The apostolic ministry originates in a personal encounter with the saviour. There is no way for these original witnesses to claim their vocation without looking upon the one whom they have betrayed and abandoned. They cannot be reconciled to him who holds out his wounded and glorified hands without embracing their own faithlessness and sinfulness. This dynamic is portrayed even more starkly in the encounter between Jesus and Peter on the beach in the twenty first chapter of St. John’s Gospel. Peter rushes to the beach where the Lord meets him over a charcoal fire and asks those excruciating questions, “Peter, do you love me?” There by that charcoal fire Peter must think of another interrogation and of his betrayal of the Lord. Peter can only answer the call to go and gather and feed the sheep by embracing the fire of his own sin. The connection between a personal confession of sin and the reception of the call to gather in and feed the flock of Christ that is being driven home to Peter on the beach in Galilee is there as well behind those closed doors in Jerusalem. The reception of the crucified and risen one’s commission to go and tell the nations begins necessarily with a personal sense of sinfulness and failure which is provoked by the sudden breaking in of the undeserved forgiveness of God. I am not speaking so much of a particular type of conversion experience but of the reality of knowing oneself as a betrayer and crucifier of the Lord and knowing oneself as the recipient of an undeserved and costly forgiveness. There is a place where shame and joy grow together, where a growing consciousness of the enormity of human sin and rebellion and a consciousness of the astonishing goodness of the seeking, searching, sacrificial love of God grow together. In this place which is at once a place of deep humiliation and deep peace, the words of the Lord “even so I send you,” can be rightly heard and when heard are an irresistible invitation to return love for love. Here the human race is being remade by a new genesis, a new inspiration of God’s Spirit. From this place the forgiveness of sins can be declared and the lost sheep of the Father gathered in. Here is the wellspring of godliness in the ministry of bishop and shepherd. The way into this place is the way of humility, of lowliness and of deepening repentance.

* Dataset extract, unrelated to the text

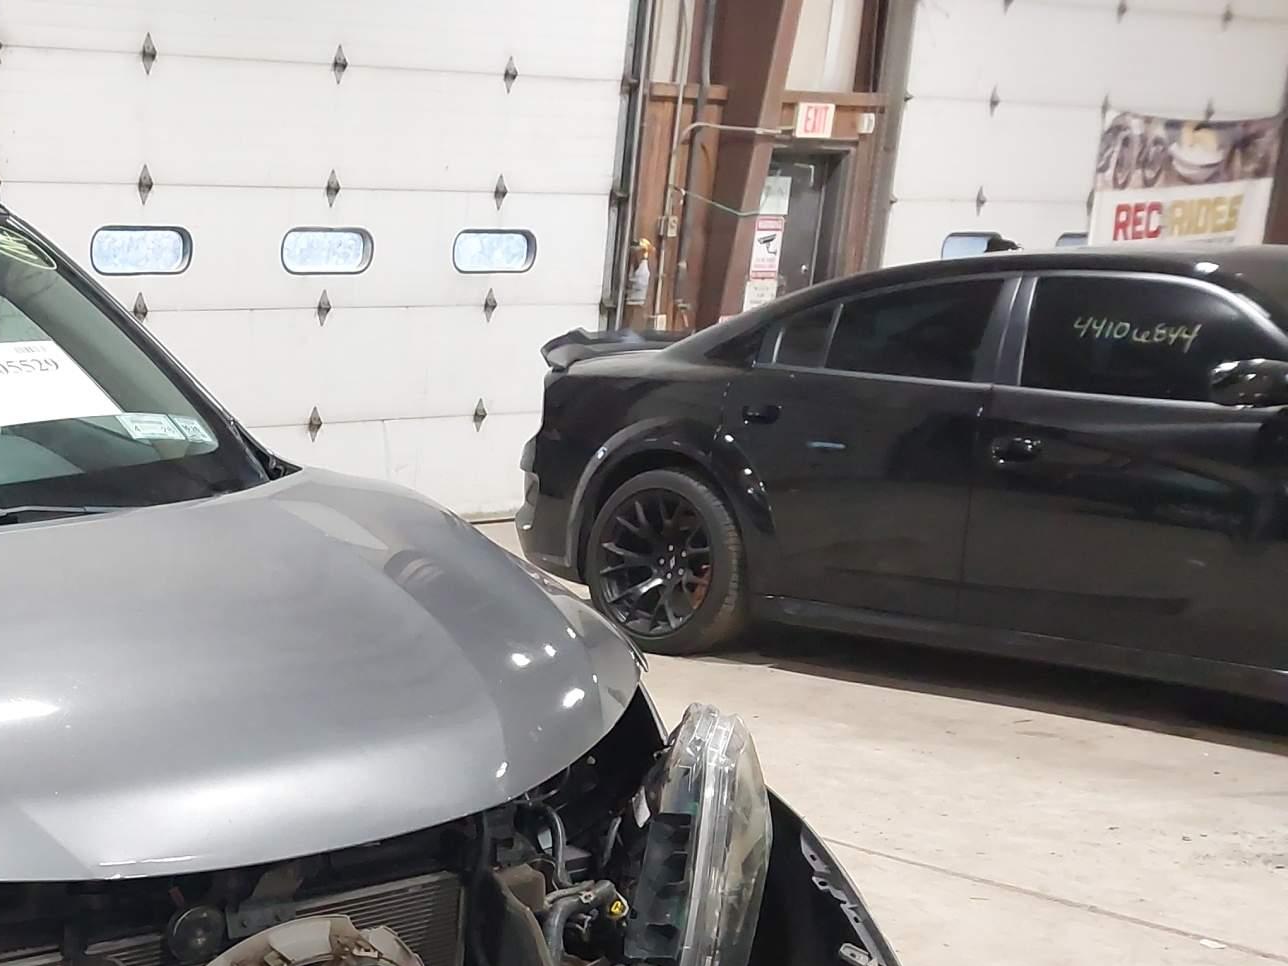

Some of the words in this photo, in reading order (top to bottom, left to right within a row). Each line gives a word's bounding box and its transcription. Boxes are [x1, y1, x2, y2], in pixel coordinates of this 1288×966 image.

The third scriptural location I propose is suggested to me by Lesslie Newbigin. It is Paul’s encounter with the crucified and risen Lord on the road to Damascus, recorded in Acts 9. Paul is a persecutor of the church of God and is thrown from his horse by his encounter with the Lord. Lying in the dust he hears the Lord say to him, “Saul, why are you persecuting me?” Here we have the same revelation of sinfulness and of utterly undeserved love and forgiveness which strips Paul of any righteousness of his own. The disciples in Jerusalem, Peter on the beach and Paul on the road all share in the same humiliation which is at once an exaltation, in the same death which is at once life. In Paul’s circumstance an aspect of this originating apostolic encounter is made especially clear. In order to embrace his call to be an apostle, Paul must not only confess himself as God’s enemy but in order to grasp the wounded and glorified hand stretched out to him, Paul must also grasp the hands of those he has persecuted. Paul must recognize the nascent church as the body of Christ. Paul cannot be reconciled to God without being reconciled to God’s people. Paul recognizes that God is building a new people which shall be marked off not by the works of the law but by faith in the crucified and risen Messiah. Paul recognizes that God’s promise to recreate humanity, to reconcile the nations in a renewed Israel is coming true in and through Jesus. In Paul’s call we learn that to be a witness to the resurrection is to be at one and the same time a witness to the reality of the new Israel which is the body of the Christ.

Just these few encounters we have considered point us to elements that are at the heart of the ministry of episcopacy and which if they are held fast set a person on the same road toward holiness and godliness trod by the first Apostles. We learn that the apostolic ministry begins with a deep and personal apprehension of the forgiveness of sins by the crucified and risen Lord. That included in this forgiveness and reconciliation with God is the fact of the church and the body of Christ and that the new human life that comes in this encounter by the gift of the Spirit propels one into the life of mission, evangelization and witness.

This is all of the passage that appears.